Luego metió la mano en el bolsillo trasero, sacó la cartera y extrajo una foto arrugada. Los hermanos se la pasaron de uno a otro, mirándola con atención.
– Yo también tengo una foto -dijo Keely. Buscó dentro del bolso unos segundos y sacó la foto que Maeve Quinn le había dado en Irlanda. Los hermanos se la pasaron-. La hicieron justo antes de que os fuerais de Irlanda. Tú todavía no habías nacido, Liam. Y, como ves, mi madre lleva el collar.
– Recuerdo ese día -dijo Conor.
– Era tan guapa -murmuró Brendan.
– Sigue siéndolo -Keely asintió con la cabeza-. Está viva. Vive en Nueva York.
De pronto, cinco pares de ojos se clavaron en su cara.
– Repite eso -le ordenó Dylan.
– Sé que os costará creerlo. Conor me ha dicho que pensabais que estaba muerta. Y no me veo capaz de explicar por qué os abandonó mi madre. Tendréis que preguntárselo a ella. Pero está viva y creo que le gustaría veros, si estáis dispuestos a verla. Tengo la sensación de que no ha dejado de pensar en vosotros un solo día.
– Nos dejó con un borracho -dijo Dylan con resentimiento-. ¿Tienes idea de lo que fue crecer en una casa así? Nunca nos llamó, ni siquiera se molestó en ver cómo estábamos.
– No es culpa de Keely -terció Conor-. Ella no tenía control sobre nuestra infancia. Así que quizá debamos discutir eso con nuestra madre, en vez de con ella.
Todos asintieron con la cabeza y Keely agradeció que no la culparan por los errores de su madre.
– Siento haber esperado tanto, pero no estaba segura de cómo decíroslo.
Brendan fue el primero en acercarse y estrechar a Keely entre sus brazos.
– Bienvenida a la familia, hermanita -dijo riendo-. ¡Qué cosas! Los hermanos Quinn con una hermana pequeña. Supongo que tendremos que empezar a vigilar nuestro lenguaje cuando estés delante.
– Keely tiene más noticias -intervino Conor-. Me ha dado una pista para localizar a uno de los miembros que formaban parte de la tripulación del Increíble Quinn cuando Sam Kendrick murió. Una pista de su madre.
– Mi… nuestra madre se acordaba de que había un tal Lee Franklin y que sabe lo que pasó. Si lo encontramos, puede contar su versión de los hechos y exculpar a Seamus del asesinato de Kendrick.

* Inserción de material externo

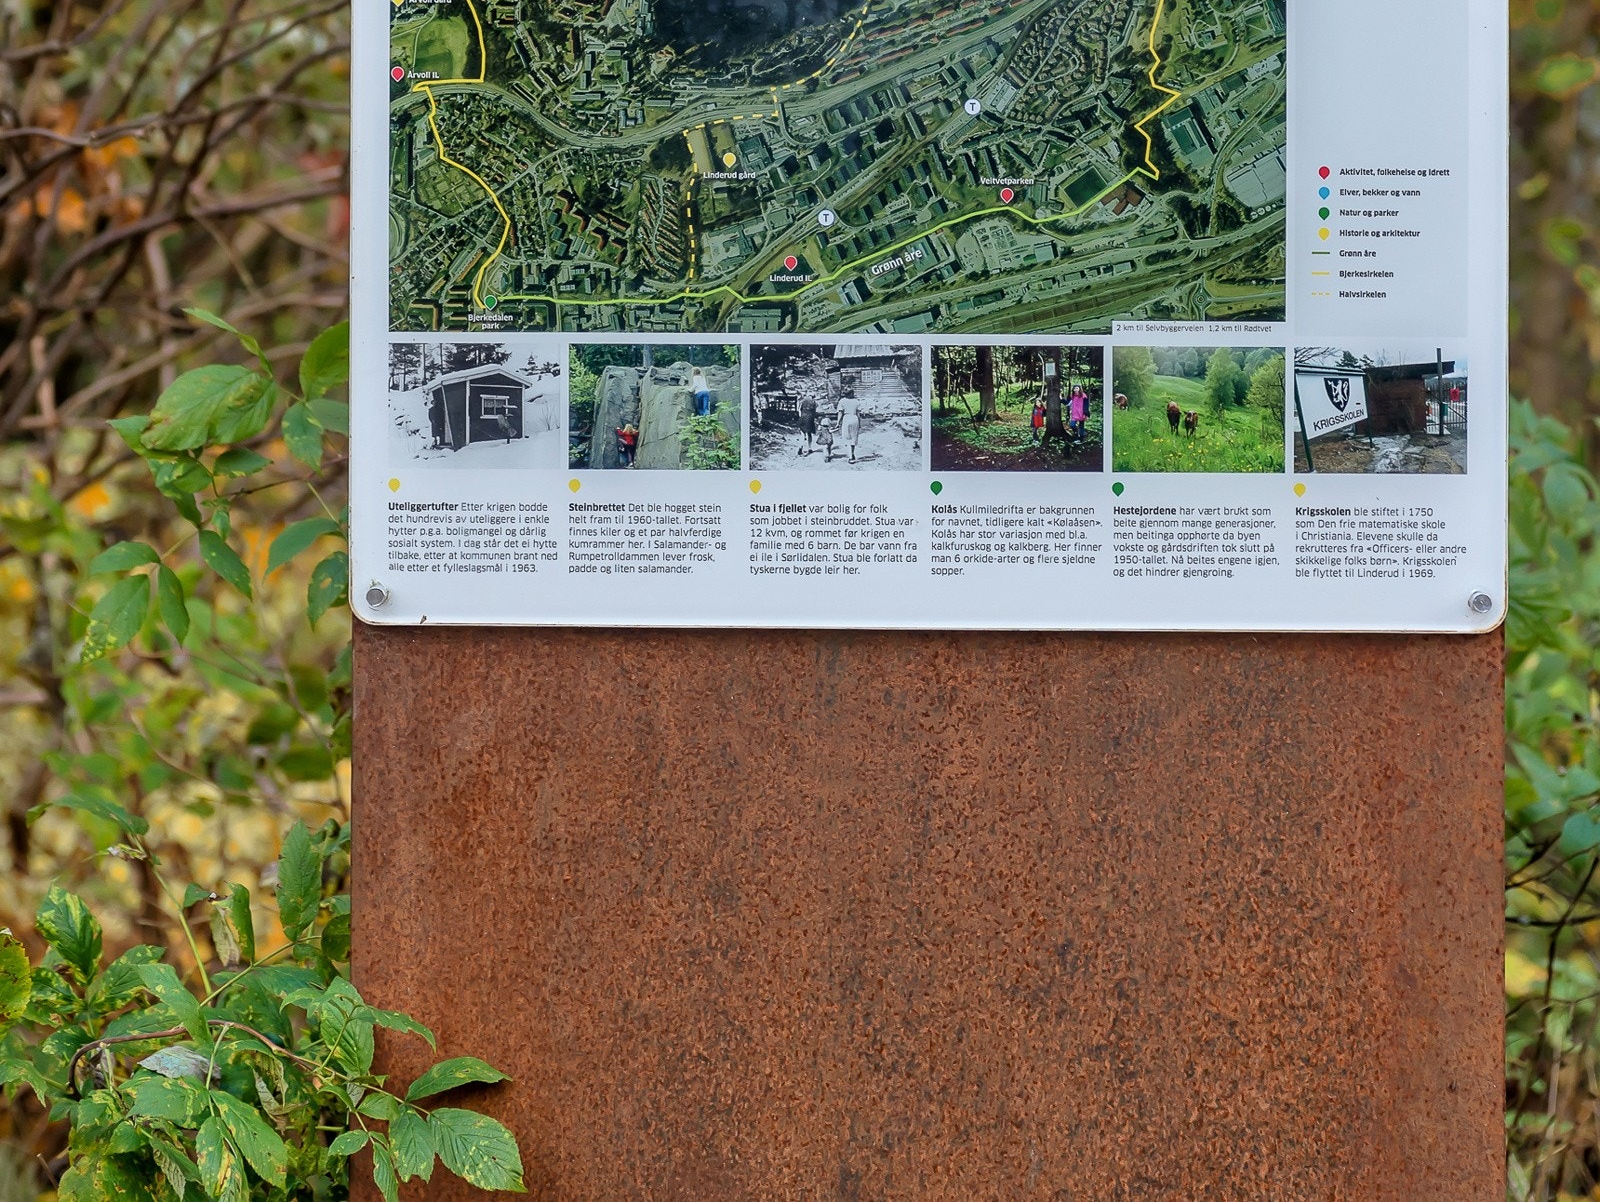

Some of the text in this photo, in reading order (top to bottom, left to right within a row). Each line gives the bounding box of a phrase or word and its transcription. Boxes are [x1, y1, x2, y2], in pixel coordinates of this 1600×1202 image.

[969, 102, 976, 112] T
[703, 171, 756, 180] Linderud gård
[1339, 168, 1375, 176] Aktivitet,
[1377, 168, 1416, 176] folkehelse
[1428, 168, 1450, 176] idrett
[980, 177, 1034, 186] Veitvetparken
[1340, 188, 1361, 197] Elver,
[823, 213, 830, 222] T
[1362, 210, 1372, 218] og
[1374, 209, 1399, 217] parker
[1339, 229, 1369, 237] Historie
[1382, 229, 1421, 237] arkitektur
[1364, 249, 1376, 257] åre
[871, 248, 922, 276] Grønn åre
[1339, 270, 1394, 279] Bjerkesirkelen
[1339, 290, 1386, 298] Halvsirkelen
[468, 313, 514, 322] Bjerkedalen
[481, 322, 500, 330] park
[1145, 324, 1204, 333] Selvbyggerveien
[1234, 324, 1242, 332] til
[1313, 408, 1365, 432] KRIGSSKOLEN
[388, 502, 548, 512] Uteliggertufter Etter krigen bodde
[569, 502, 721, 514] Steinbrettet Det ble hogget stein
[750, 504, 771, 513] Stua
[778, 503, 807, 514] fjellet
[808, 505, 824, 513] var
[827, 504, 850, 515] bolig
[853, 504, 867, 513] for
[870, 504, 888, 514] folk
[931, 504, 1095, 516] Kolås Kullmiledrifta er bakgrunnen
[1113, 506, 1271, 516] Hestejordene har vært brukt som
[1295, 507, 1351, 517] Krigsskolen
[1354, 507, 1368, 516] ble
[1371, 507, 1399, 516] stiftet
[1409, 507, 1433, 517] 1750
[388, 514, 403, 523] det
[406, 514, 453, 524] hundrevis
[470, 514, 516, 524] uteliggere
[524, 514, 550, 524] enkle
[569, 515, 721, 525] helt fram til 1960-tallet. Fortsatt
[750, 517, 769, 525] som
[771, 516, 802, 527] jobbet
[810, 516, 872, 526] steinbruddet.
[875, 516, 895, 526] Stua
[897, 518, 914, 526] var
[931, 517, 1103, 528] for navnet, tidligere kalt «Kølaåsen».
[1295, 519, 1446, 529] som Den frie matematiske skole
[1113, 518, 1137, 528] beite
[1139, 518, 1179, 531] gjennom
[1181, 520, 1212, 529] mange
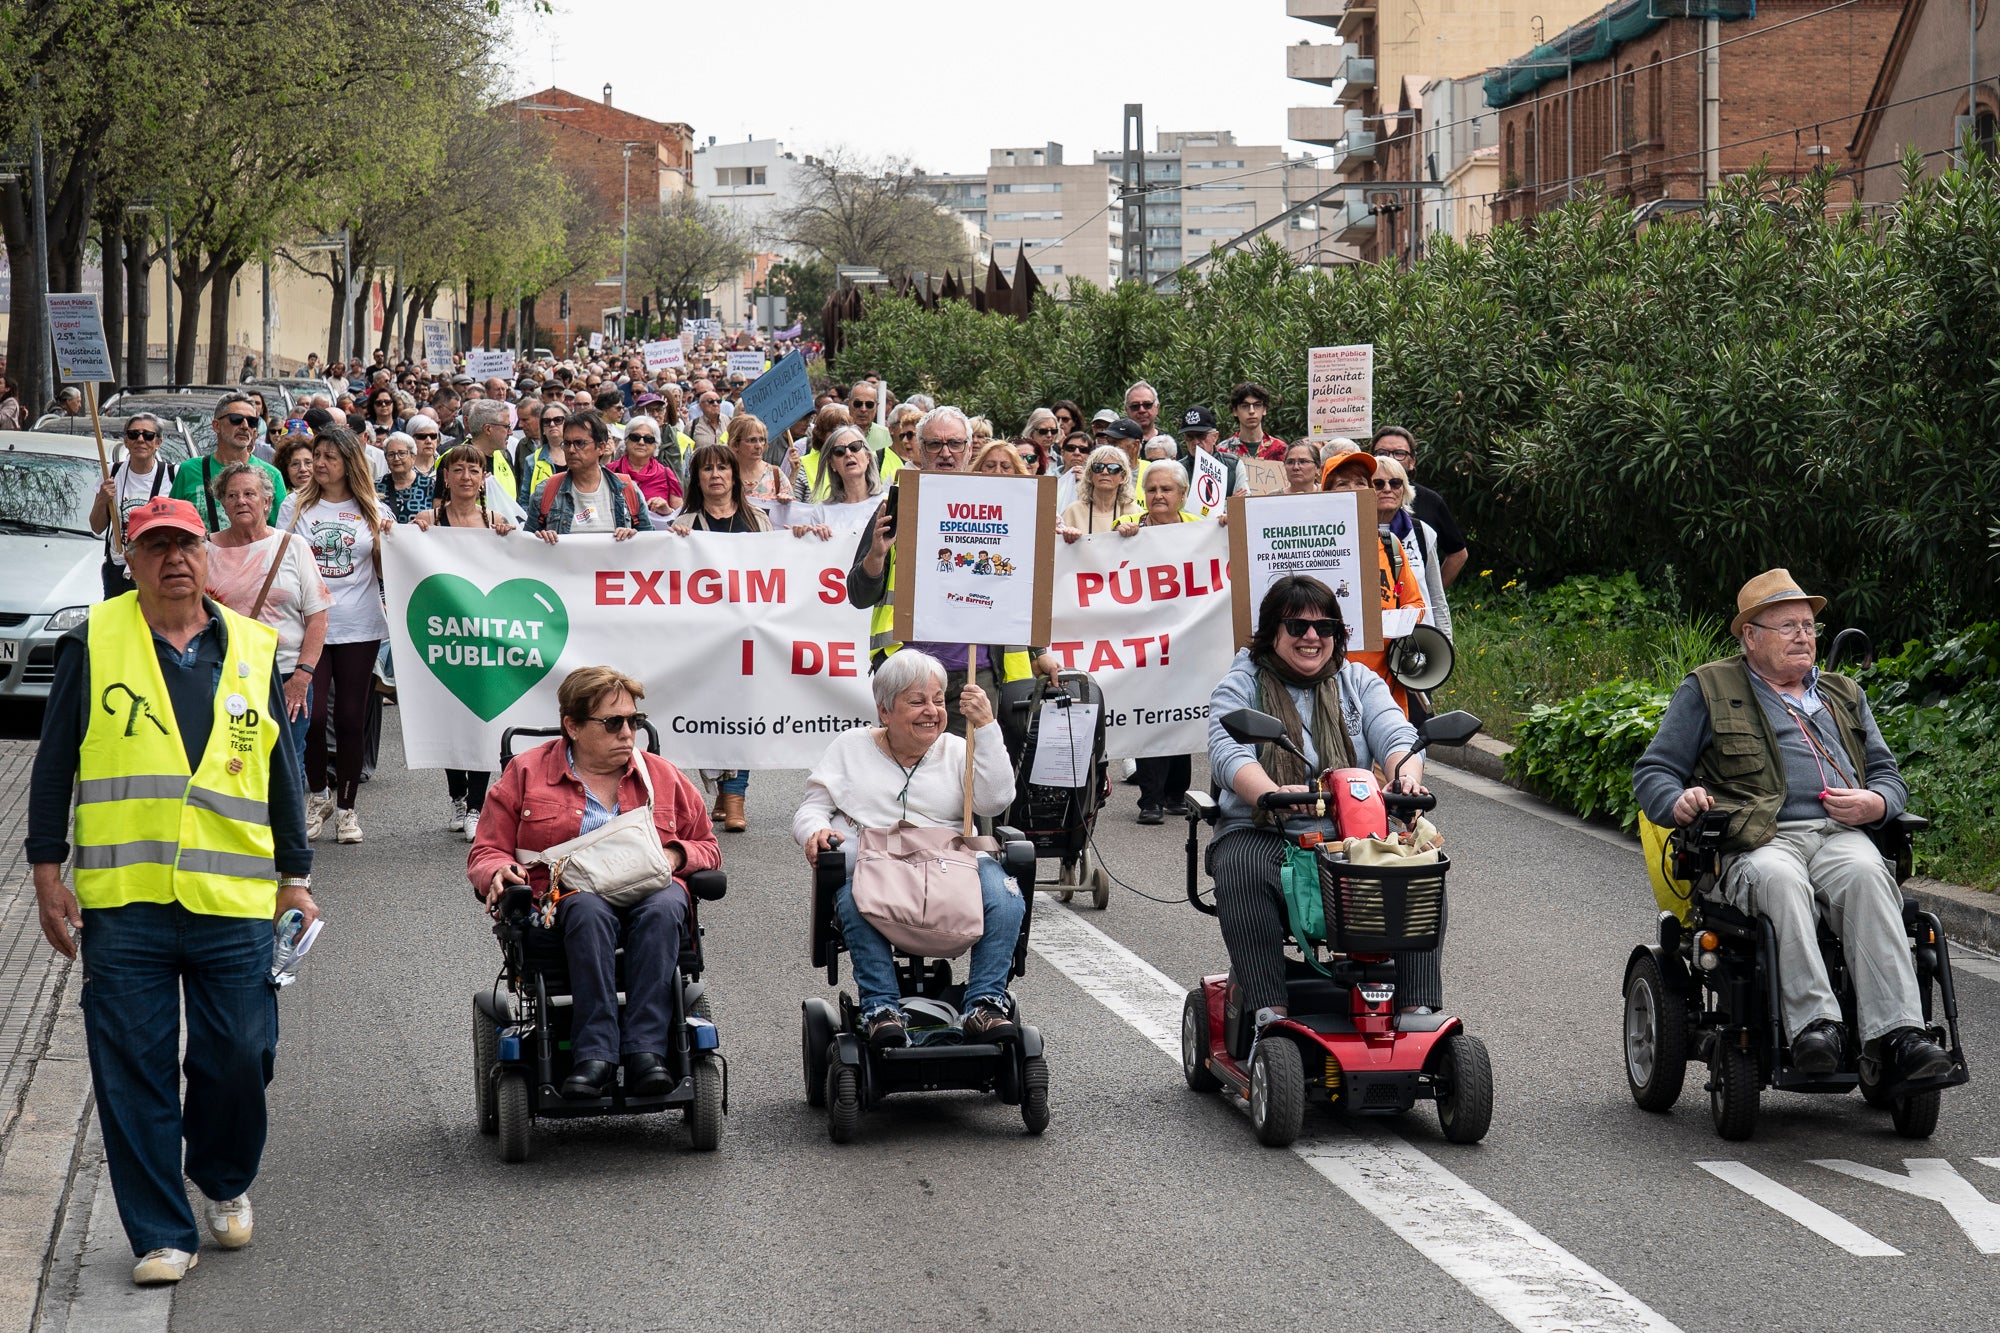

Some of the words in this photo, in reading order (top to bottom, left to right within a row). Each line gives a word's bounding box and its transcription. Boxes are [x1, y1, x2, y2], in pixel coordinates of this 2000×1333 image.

[54, 321, 80, 330] Urgent!
[57, 332, 75, 340] 25%
[649, 355, 679, 365] DIMISSIÓ
[1313, 374, 1320, 382] la
[1325, 371, 1365, 382] sanitat:
[747, 384, 773, 411] SANITAT
[1312, 384, 1352, 400] pública
[771, 384, 807, 424] QUALITAT
[1330, 405, 1365, 414] Qualitat
[1200, 456, 1208, 467] NO
[1214, 465, 1221, 475] LA
[1200, 464, 1222, 483] GUERRA
[947, 503, 1003, 520] VOLEM
[940, 521, 1009, 534] ESPECIALISTES
[1263, 521, 1346, 539] REHABILITACIÓ
[955, 536, 1001, 545] DISCAPACITAT
[1271, 537, 1336, 550] CONTINUADA
[1257, 552, 1270, 561] PER
[1271, 552, 1276, 560] A
[1273, 560, 1304, 570] PERSONES
[1306, 557, 1340, 568] CRÒNIQUES
[595, 568, 786, 605] EXIGIM
[1076, 559, 1231, 607] PÚBLI
[428, 616, 543, 640] SANITAT
[428, 640, 544, 668] PÚBLICA
[742, 640, 754, 676] I
[791, 641, 857, 677] DE
[671, 716, 766, 735] Comissió
[772, 714, 872, 734] d'entitats
[1133, 704, 1210, 725] Terrassa
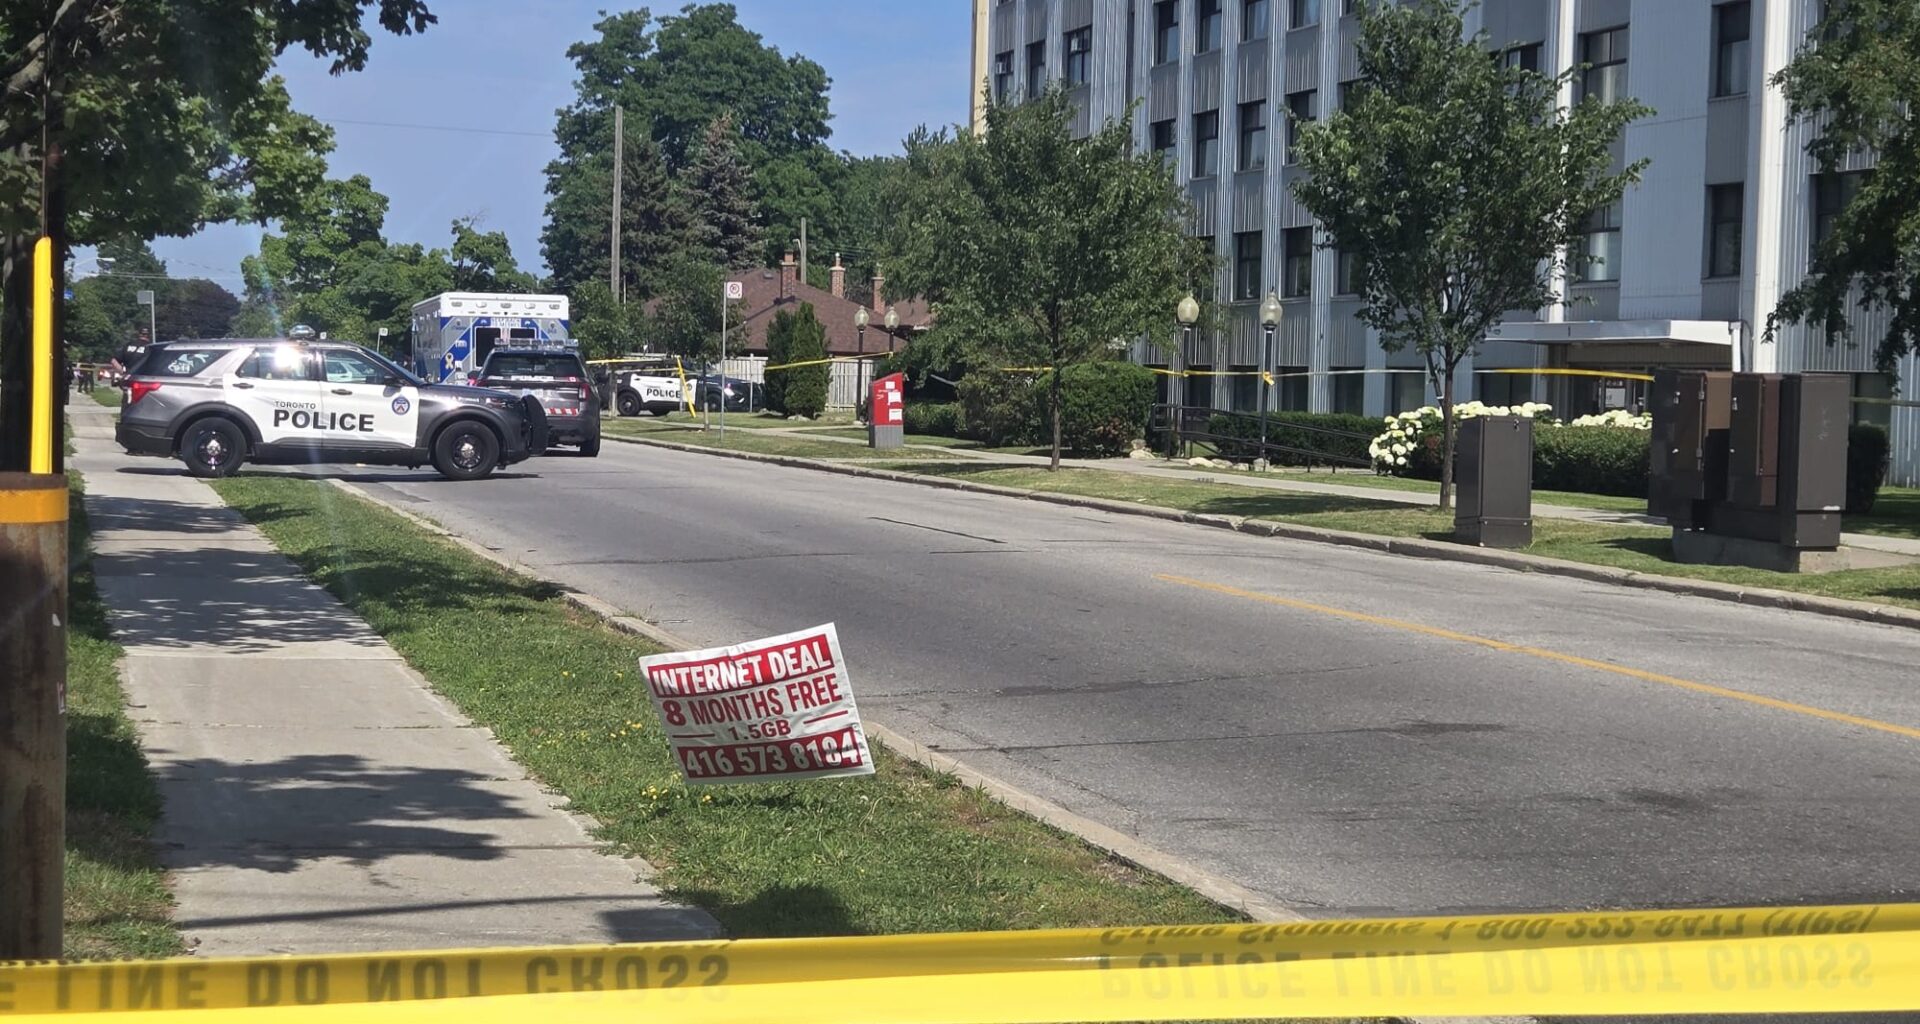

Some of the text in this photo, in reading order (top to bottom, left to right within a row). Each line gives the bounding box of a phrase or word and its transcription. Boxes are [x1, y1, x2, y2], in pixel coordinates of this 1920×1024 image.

[646, 388, 680, 398] POLICE
[274, 401, 316, 410] TORONTO
[273, 409, 375, 432] POLICE
[652, 641, 832, 696] INTERNET DEAL
[662, 673, 843, 726] 8 MONTHS FREE
[728, 719, 791, 742] 1.5GB
[685, 730, 860, 776] 416 573 8184

– Hablando de Kendrick -dijo Sean, agarrando una carpeta de la barra-, he estado investigando un poco. Este es el hijo de Kendrick. ¿Lo reconocéis? -preguntó tras sacar una fotografía.
– ¡Desgraciado! -exclamó Liam al tiempo que le arrebataba la fotografía a su hermano-. Ha estado en el bar. Ha venido varias veces en los últimos meses.
– ¿Lo has visto alguna vez? -le preguntó Sean a Keely al ver la cara de esta-. ¿Lo has atendido?, ¿te dijo algo?
– Creo que ha estado en el bar un par de veces, sí -murmuró, deseando que ninguno se acordara de la noche en que le había tirado el champán a la cara.
– Este es el que nos está complicando la vida -continuó Sean-. Es multimillonario. Trabaja en el sector inmobiliario. Supongo que se trata de algún tipo de venganza. Pero, ¿por qué va contando esas mentiras?
– Quizá crea que es verdad -dijo Keely. Sus hermanos se giraron hacia ella y se ruborizó-. No es que yo lo crea, pero puede que, por algún motivo, Kendrick esté convencido de que Seamus mató a su padre. Igual que vosotros estabais convencidos de que vuestra madre estaba muerta.
– Como vuelva a poner un pie en este bar, le hago tragarse los dientes de un puñetazo – gruñó Dylan-. Va a tener que aprender a hablar por gestos.
– Creo que lo primero que deberíamos es encontrar a este tipo y pegarle una tunda hasta que entre en razón -añadió Sean.
Mientras sus hermanos consideraban la forma más adecuada de tratar a Rafe Kendrick, Keely tomó la foto y miró la imagen del hombre que había sido su amante. Recorrió un dedo por cada facción de su rostro, recordando la sensación de acariciar sus labios, húmedos después de un beso, la superficie rugosa de la barba cuando necesitaba afeitarse, la intensidad de su mirada al desbordarse dentro de ella.
– ¿Os parece bien si guardo la foto? -preguntó tras soltar un suspiro-. Por si recuerdo algo más luego.
Si no podía tener al modelo, tendría que conformarse con una fotografía. Pero no le serviría por mucho tiempo. Keely necesitaba ver a Rafe y necesitaba verlo pronto.